La couverture médiatique traditionnelle est également impliquée, car elle prend de plus en plus de sujets d’actualité issus des réseaux sociaux. Si ceux-ci contiennent de la désinformation et que les médias plutôt tabloïd les véhiculent de manière irréfléchie, ils renforcent les récits ou les faux rapports. La désinformation a un effet cumulatif sur de plus longues périodes.

Quelles contre-stratégies de l’UE pour lutter contre les menaces hybrides étrangères et internes ?

L’inquiétude est que les élections européennes seront manipulées, perturbées ou illégalement influencées par les opposants à l’UE, avec des campagnes de désinformation ciblées, aux urnes ou lors du dépouillement des votes.

Pour que les élections de mai 2019 soient libres, équitables et sécurisées, une série de mesures concrètes comprend plus de transparence dans la publicité politique (souvent dissimulée) sur les réseaux sociaux et la possibilité de sanctions si des données à caractère personnel sont utilisées illégalement pour influencer le résultat des élections européennes.

Les décideurs politiques européens privilégient des mesures à court terme et techniques en coopération étroite avec les grandes sociétés de l’Internet : Facebook, Twitter et YouTube se sont mis d’accord sur un code de pratique sur la désinformation pour lutter contre la désinformation et contre les faux comptes sur leurs plateformes. Fin janvier 2019, la Commission a averti que ces initiatives en matière de transparence contre la publicité secrète n’étaient pas suffisantes pour protéger l’intégrité des élections européennes.

L’UE a créé un système d’alerte précoce sur la désinformation avec 5 millions d’euros et 50 employés pour identifier les campagnes en temps réel. En outre, elle a mis en place un réseau électoral, élaboré un guide sur l’application de la législation européenne en matière de protection des données aux élections et donné des orientations sur la cyber-sécurité.

Les mesures techniques prises par l’UE pour lutter contre les campagnes de désinformation et les cyber-attaques ne sont qu’un premier pas. Idéalement, les États membres devraient améliorer la protection des élections pendant les campagnes électorales, le vote proprement dit et le décompte des voix.
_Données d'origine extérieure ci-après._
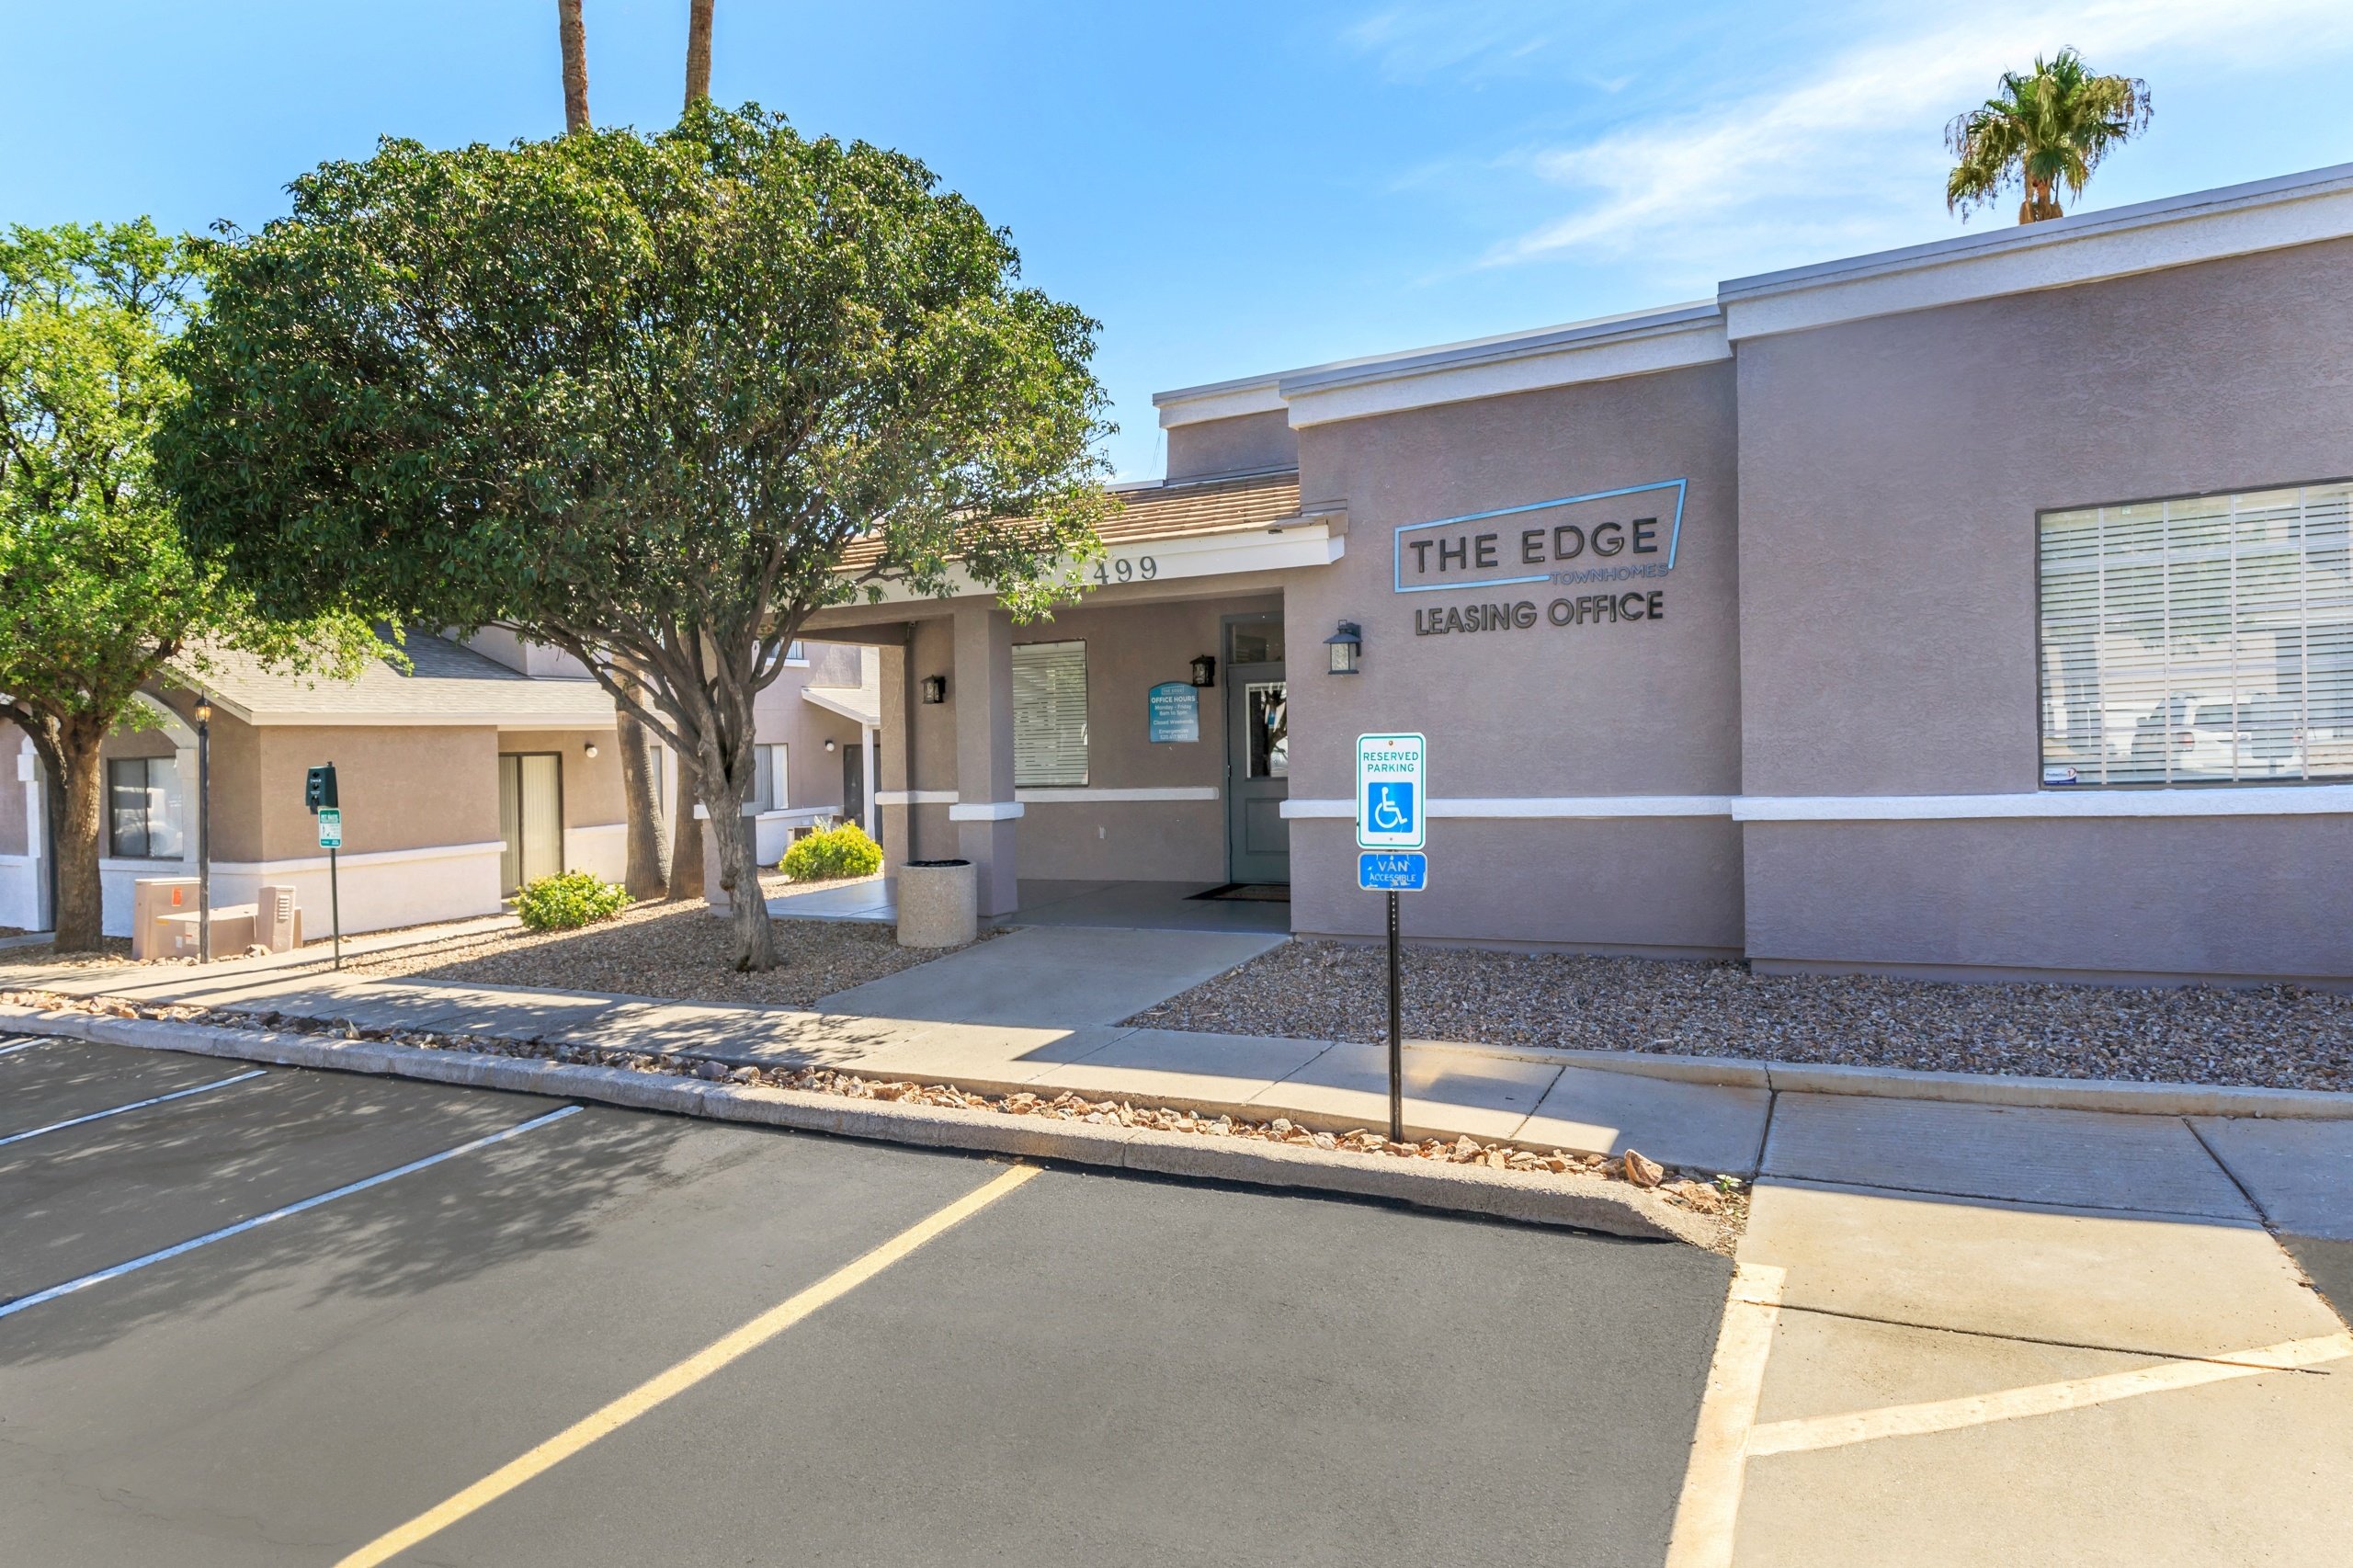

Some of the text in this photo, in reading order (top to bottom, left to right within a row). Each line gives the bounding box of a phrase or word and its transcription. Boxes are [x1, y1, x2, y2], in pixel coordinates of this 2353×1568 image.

[1410, 517, 1658, 573] THE EDGE
[1551, 563, 1669, 585] TOWNHOMES
[1415, 591, 1664, 635] LEASING OFFICE
[1363, 752, 1419, 761] RESERVED
[1367, 763, 1415, 773] PARKING
[1378, 860, 1409, 872] VAN
[1369, 873, 1416, 882] ACCESSIBLE
Des échanges constants et des exercices réguliers de cyber-sécurité seraient nécessaires pour minimiser les dangers.

Cependant, la plupart des États membres n’ont jusqu’à présent pas réussi à considérer les élections comme une infrastructure essentielle pour la démocratie à sécuriser. Le problème du matériel informatique et des logiciels non sécurisés dans la technologie de vote est toujours sous-estimé.
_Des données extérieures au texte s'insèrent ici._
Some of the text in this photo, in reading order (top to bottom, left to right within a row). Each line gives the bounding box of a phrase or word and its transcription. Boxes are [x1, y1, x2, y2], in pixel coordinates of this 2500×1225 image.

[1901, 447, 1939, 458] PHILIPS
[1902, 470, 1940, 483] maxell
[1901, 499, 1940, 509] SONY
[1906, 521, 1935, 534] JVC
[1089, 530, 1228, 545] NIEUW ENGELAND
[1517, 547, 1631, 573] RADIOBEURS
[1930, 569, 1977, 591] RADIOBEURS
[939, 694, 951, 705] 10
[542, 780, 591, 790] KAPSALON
« La suprématie des entreprises de l’Internet est comparable à une situation où le parlement est la propriété d’un fournisseur privé, son accès est réglementé en fonction de critères économiques et le volume et la transmission des discours au monde extérieur sont évalués en fonction du marché. »

Seule l’UE, avec l’ensemble de sa puissance économique, peut lutter contre le pouvoir des sociétés numériques transnationales pour réagir de manière stratégique, communicative et avec une efficacité technique aux tentatives de manipulation d’élections , encore faut-il la volonté politique, et les ressources financières et humaines nécessaires.